DATA SHOWN Start Marker
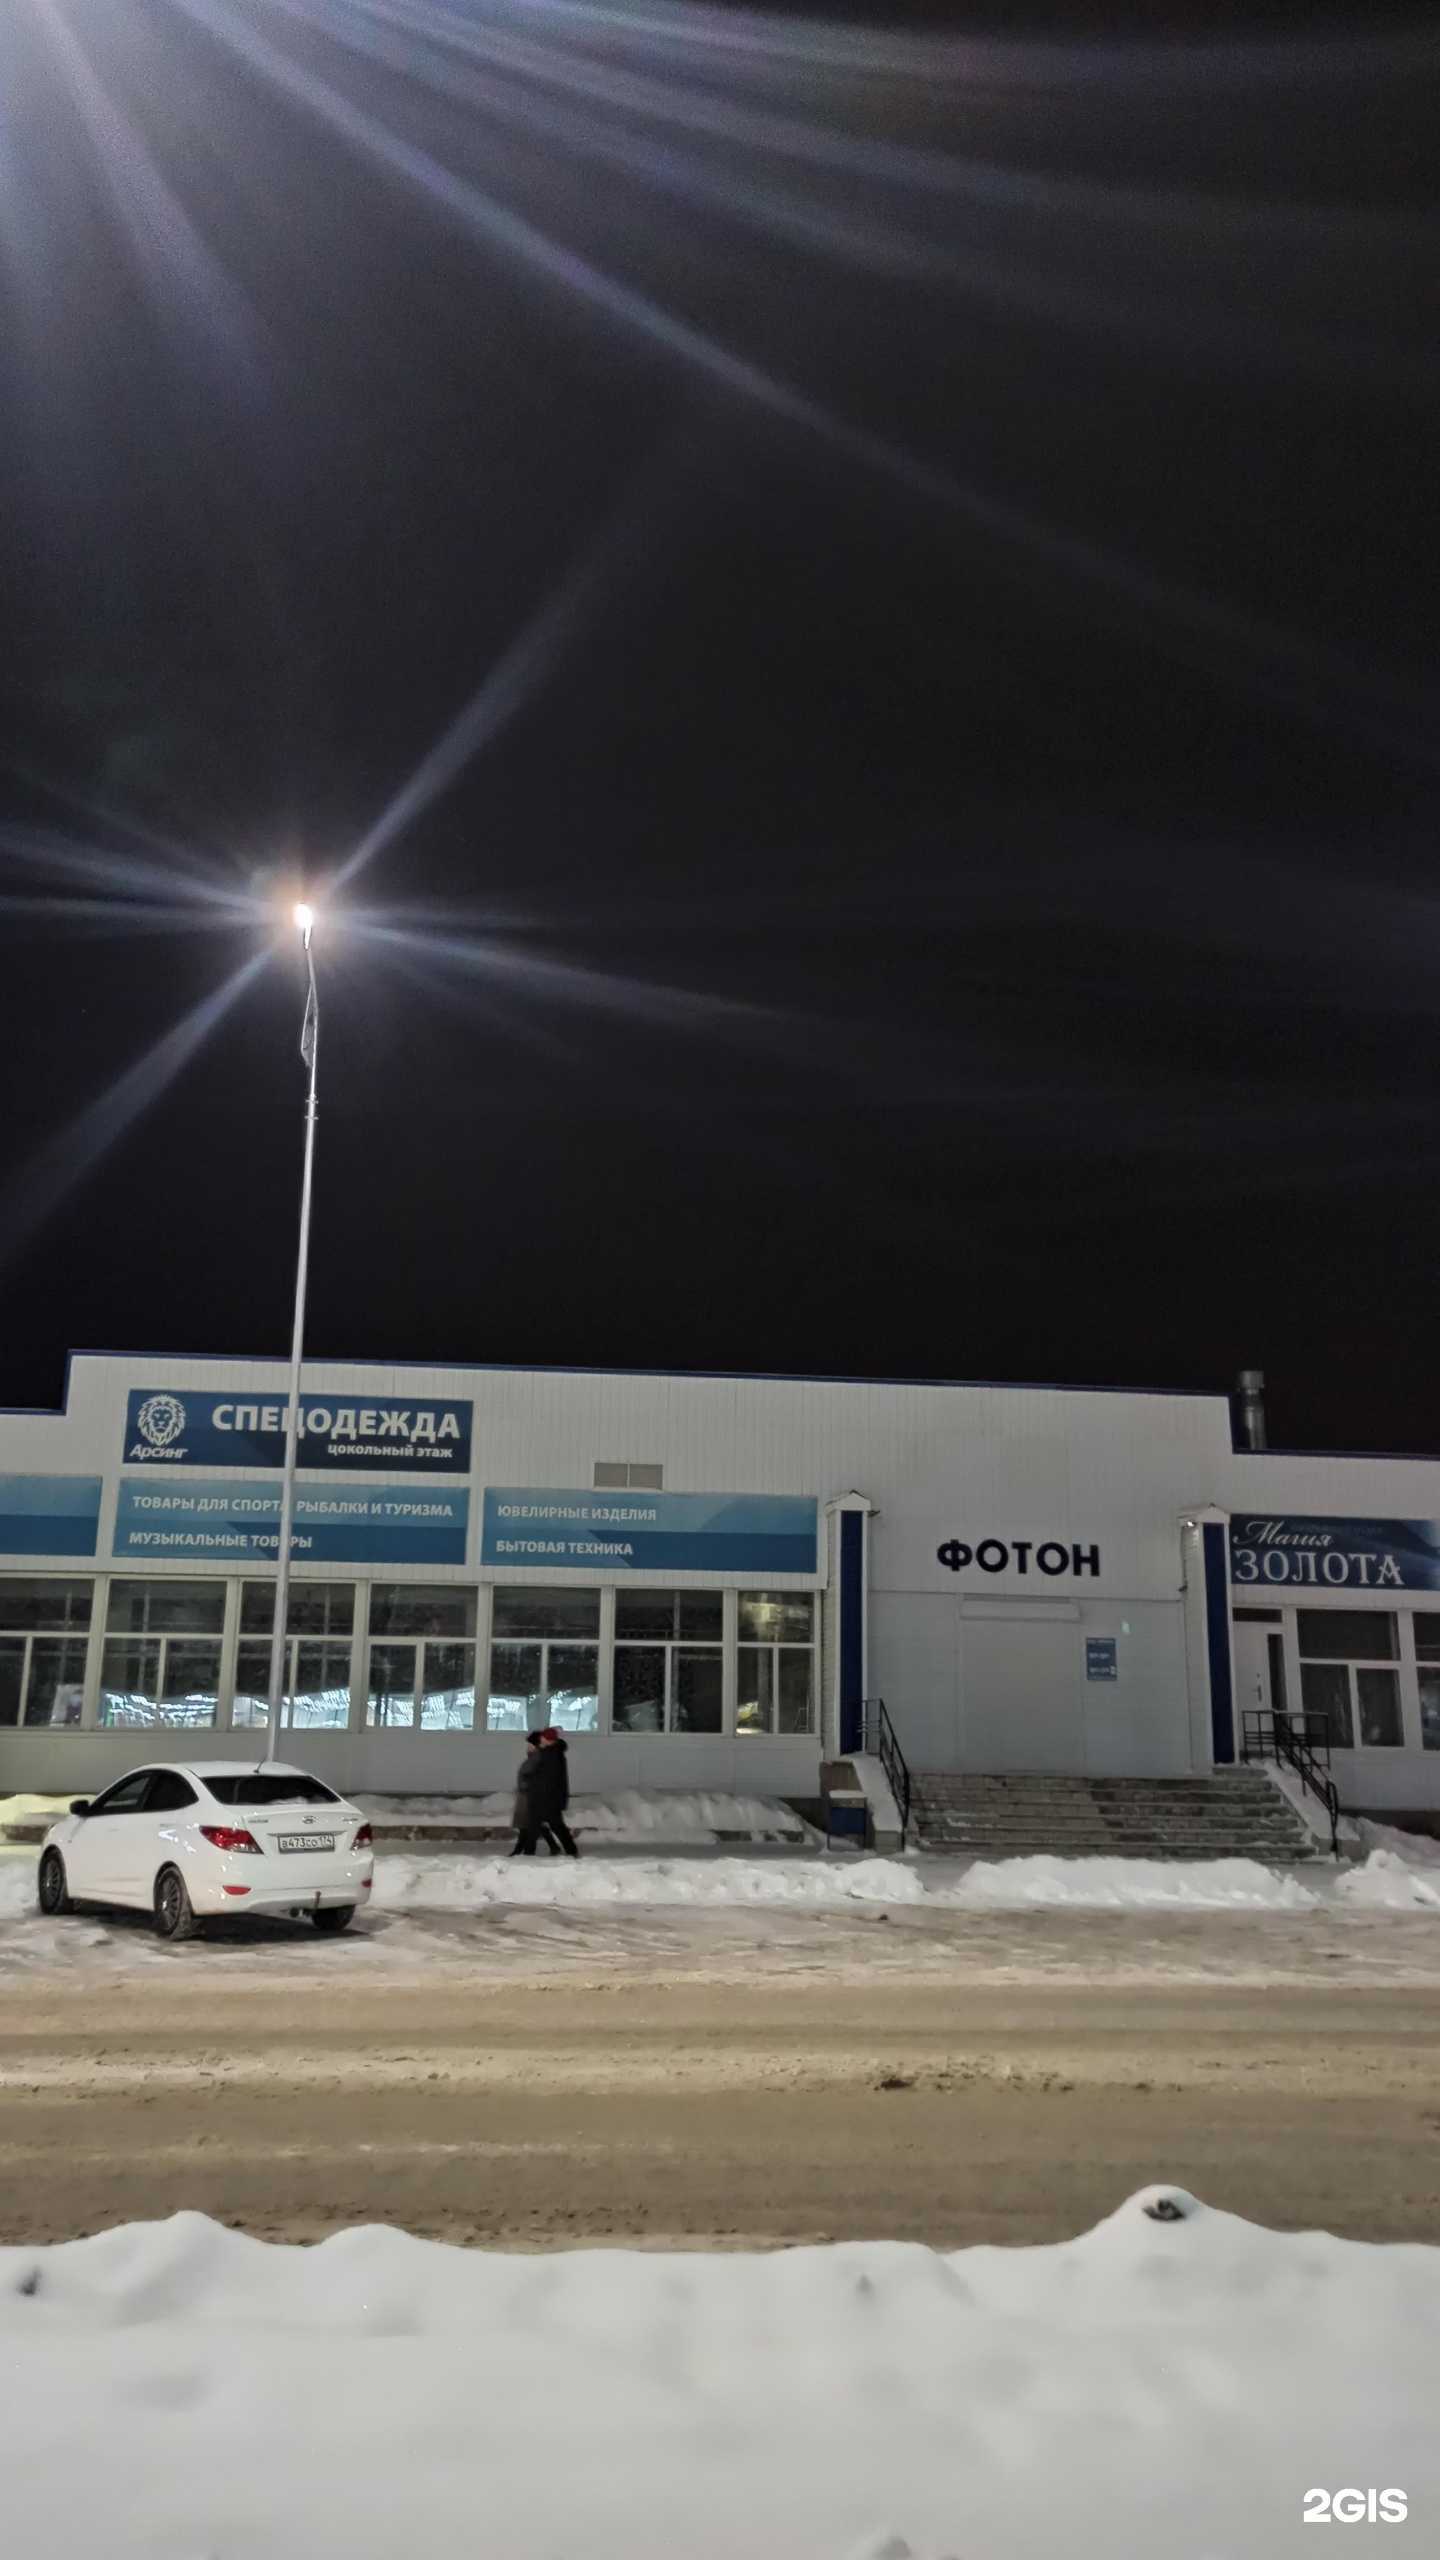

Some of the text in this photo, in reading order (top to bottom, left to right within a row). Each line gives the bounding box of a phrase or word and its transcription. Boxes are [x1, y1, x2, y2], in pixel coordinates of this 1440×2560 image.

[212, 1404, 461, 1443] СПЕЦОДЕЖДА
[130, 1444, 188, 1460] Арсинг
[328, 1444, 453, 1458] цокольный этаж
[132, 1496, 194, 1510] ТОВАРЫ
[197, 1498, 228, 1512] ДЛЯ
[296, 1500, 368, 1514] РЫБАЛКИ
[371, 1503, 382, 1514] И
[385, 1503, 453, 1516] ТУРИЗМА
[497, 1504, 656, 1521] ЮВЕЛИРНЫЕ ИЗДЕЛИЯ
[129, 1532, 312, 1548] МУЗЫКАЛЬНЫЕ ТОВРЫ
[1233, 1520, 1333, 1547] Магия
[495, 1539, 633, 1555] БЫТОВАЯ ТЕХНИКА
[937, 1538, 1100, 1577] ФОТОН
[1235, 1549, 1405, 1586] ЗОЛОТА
DATA SHOWN End Marker
_TASK REQUIREMENTS:_ Leave the pictures out and reproduce every record above exactly.

_TASK SOLUTION:_
Some of the text in this photo, in reading order (top to bottom, left to right within a row). Each line gives the bounding box of a phrase or word and its transcription. Boxes are [x1, y1, x2, y2], in pixel coordinates of this 1440×2560 image.

[212, 1404, 461, 1443] СПЕЦОДЕЖДА
[130, 1444, 188, 1460] Арсинг
[328, 1444, 453, 1458] цокольный этаж
[132, 1496, 194, 1510] ТОВАРЫ
[197, 1498, 228, 1512] ДЛЯ
[296, 1500, 368, 1514] РЫБАЛКИ
[371, 1503, 382, 1514] И
[385, 1503, 453, 1516] ТУРИЗМА
[497, 1504, 656, 1521] ЮВЕЛИРНЫЕ ИЗДЕЛИЯ
[129, 1532, 312, 1548] МУЗЫКАЛЬНЫЕ ТОВРЫ
[1233, 1520, 1333, 1547] Магия
[495, 1539, 633, 1555] БЫТОВАЯ ТЕХНИКА
[937, 1538, 1100, 1577] ФОТОН
[1235, 1549, 1405, 1586] ЗОЛОТА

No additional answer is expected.